By Tatum Lyles Flick
Communications Specialist
Andrew Buller, professor of chemistry at UW-Madison, is working to develop methods to create new protein building blocks in living systems. This chemical research, recently recognized with a $2.2 million grant from NIH, could make these processes more affordable for and accessible to scientists with expertise in other backgrounds.
Buller will receive a 2019 National Institutes of Health (NIH) Director’s New Innovator Award from the High-Risk, High-Reward program for his project, titled Engineering In Vivo Biomolecular Synthesis with Nonstandard Building Blocks.
“We want to bring new kinds of building blocks into biological systems, with the goal of interfacing with living systems,” Buller said, explaining that his group will repurpose how enzymes use vitamin B6, the cofactor that is preeminent in amino acid biosynthesis, to perform new types of reactions.
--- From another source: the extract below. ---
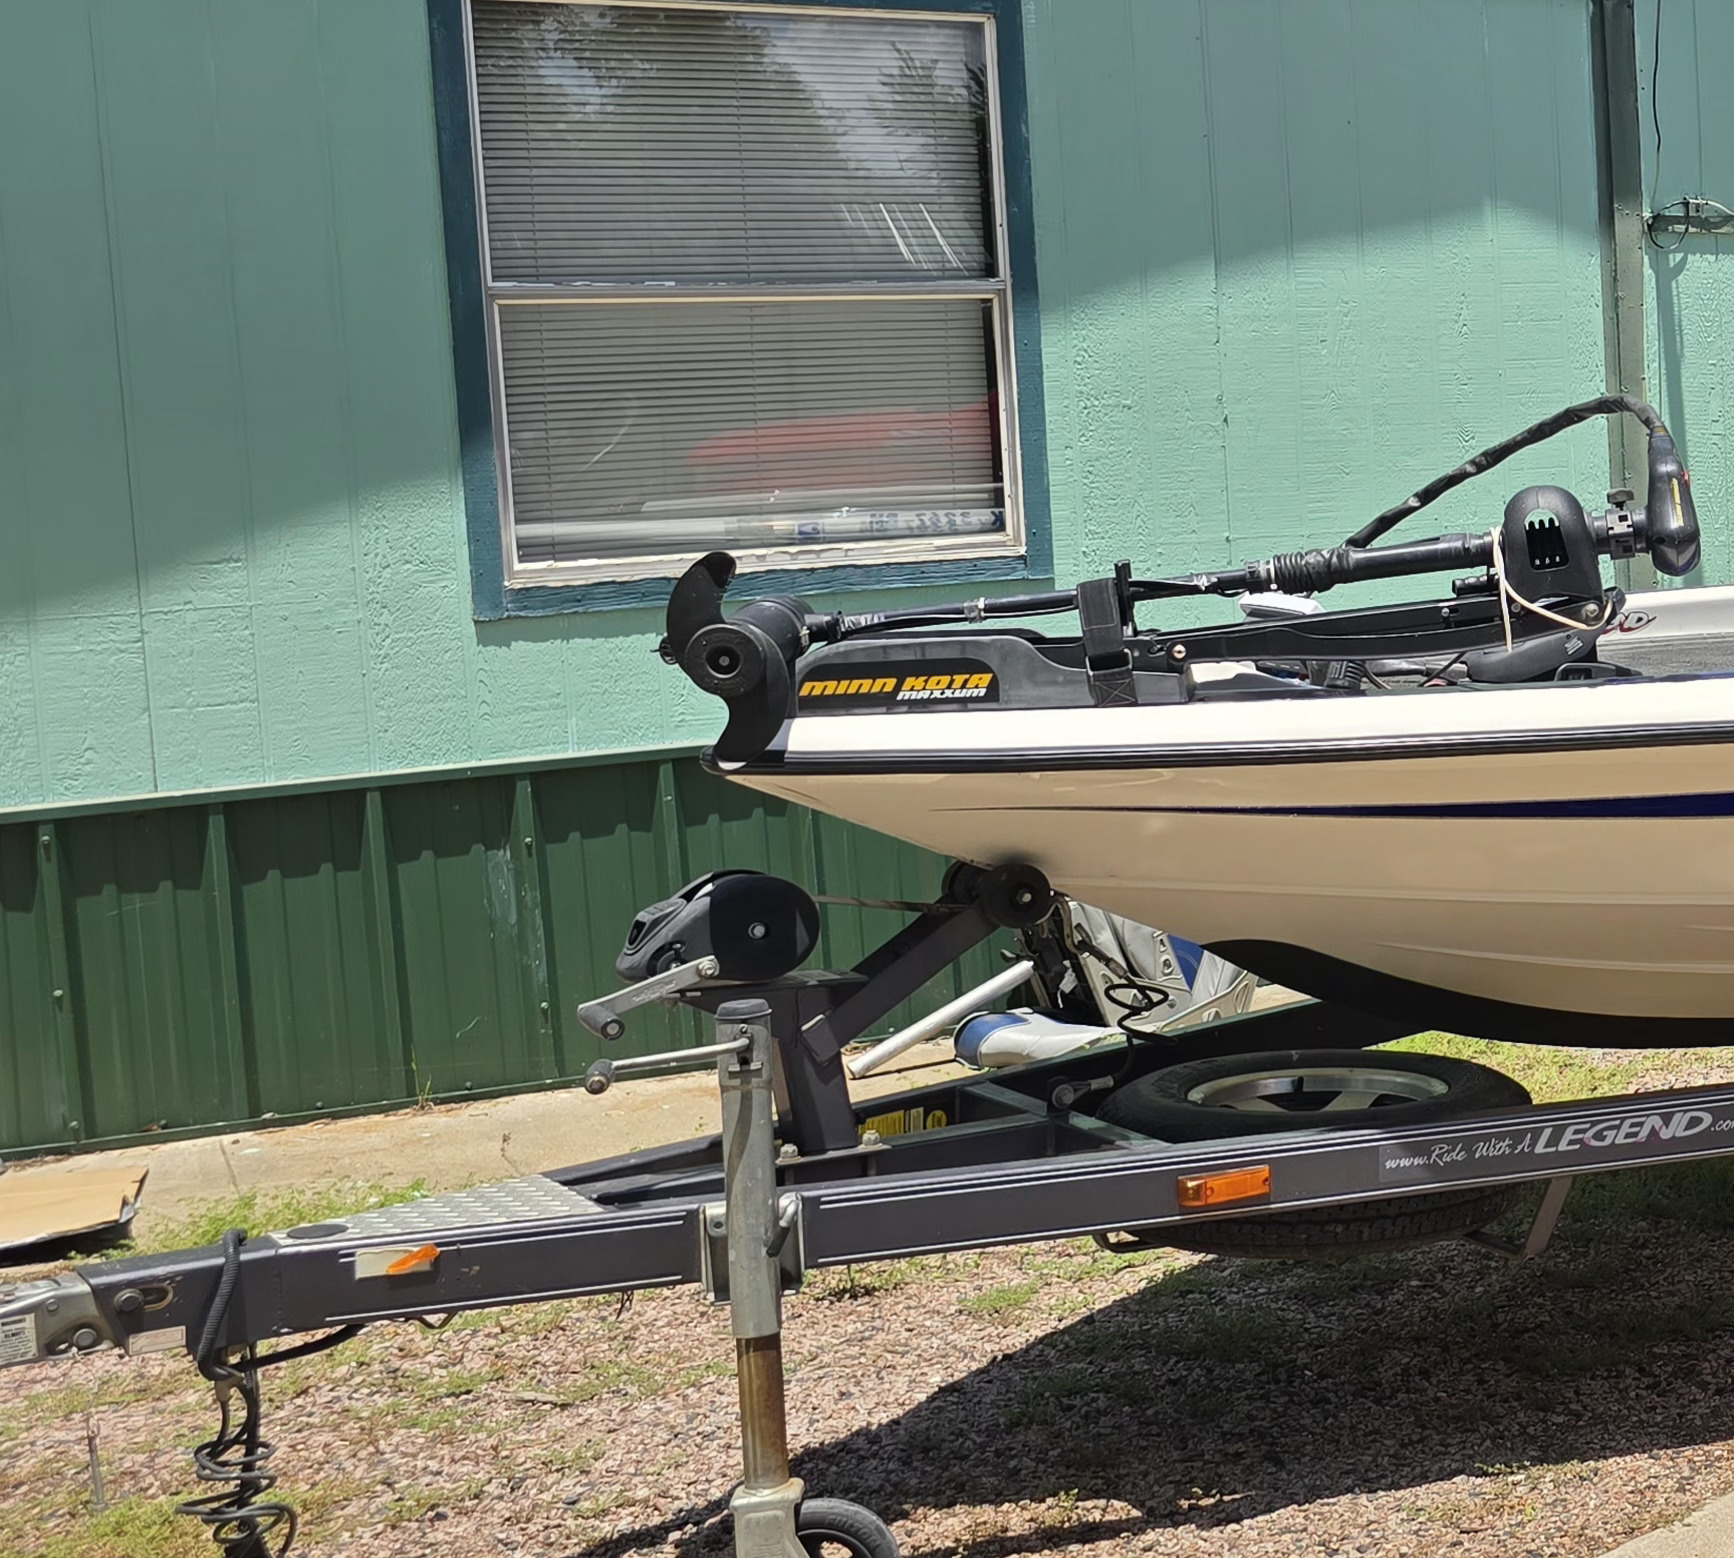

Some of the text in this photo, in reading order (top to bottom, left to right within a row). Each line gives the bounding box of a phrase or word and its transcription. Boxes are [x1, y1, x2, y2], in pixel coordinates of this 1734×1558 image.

The biological building blocks of life include amino acids, vitamins and minerals, which are all accessible to living organisms through the foods they consume. Food goes through chemical processes to convert it to a set of proteins needed for life processes. There are 20 key amino acids that make up proteins, but Buller says scientists can create more.
“You could think of this as having a Lego kit with just 20 different pieces,” Buller said. “What could you build if you had more? We build these new Lego bricks and then teach biological systems how to make them too.”
This unique way of thinking and the possible long-term benefits of creating these systems won Buller the NIH award, which funds “highly innovative and unusually impactful biomedical or behavioral research, proposed by extraordinarily creative scientists.”
“We evolve enzymes to take relatively simple building blocks, that we can buy from a common chemical manufacturer, and evolve enzymes that can convert small building blocks into the side chain of an amino acid,” Buller said. “This lets us bring in new functional groups that weren’t present – new kinds of elements and new kinds of reactivity.”
Over the past two decades, scientists have been adding amino acids, produced by organic chemists in the lab, to proteins. Buller’s project will set up a system any molecular biologist can use, with enzymes and an off-the-shelf chemical, to create the amino acid they need in a cell.
“People have wanted to do this for a long time, but there are a lot of barriers,” he said. “We are addressing one of the biggest, which is that it’s really expensive and it takes a lot of training in two different areas. If we can make it cheaper and so that you need one skillset instead of two, then everybody else is going to be able to use this technology.”
Substantial awards, like this one, allow researchers time to work, discover, and create, because they remove some of the pressure to spend time searching for funding.
“Now we get to focus on the science,” Buller said, adding that this research could spawn methods of cheaper drug development. “and I think this is an important challenge for scientists to work on. We want to lower the barriers, both in terms of cost and difficulty, to make it easier to make new kinds of molecules. My hope is that they would have that kind of impact – that biochemists would have that expanded repertoire of new building blocks in their probing a structure-function relationship of molecules, or in the process of optimizing an antibody to bind to an antigen.”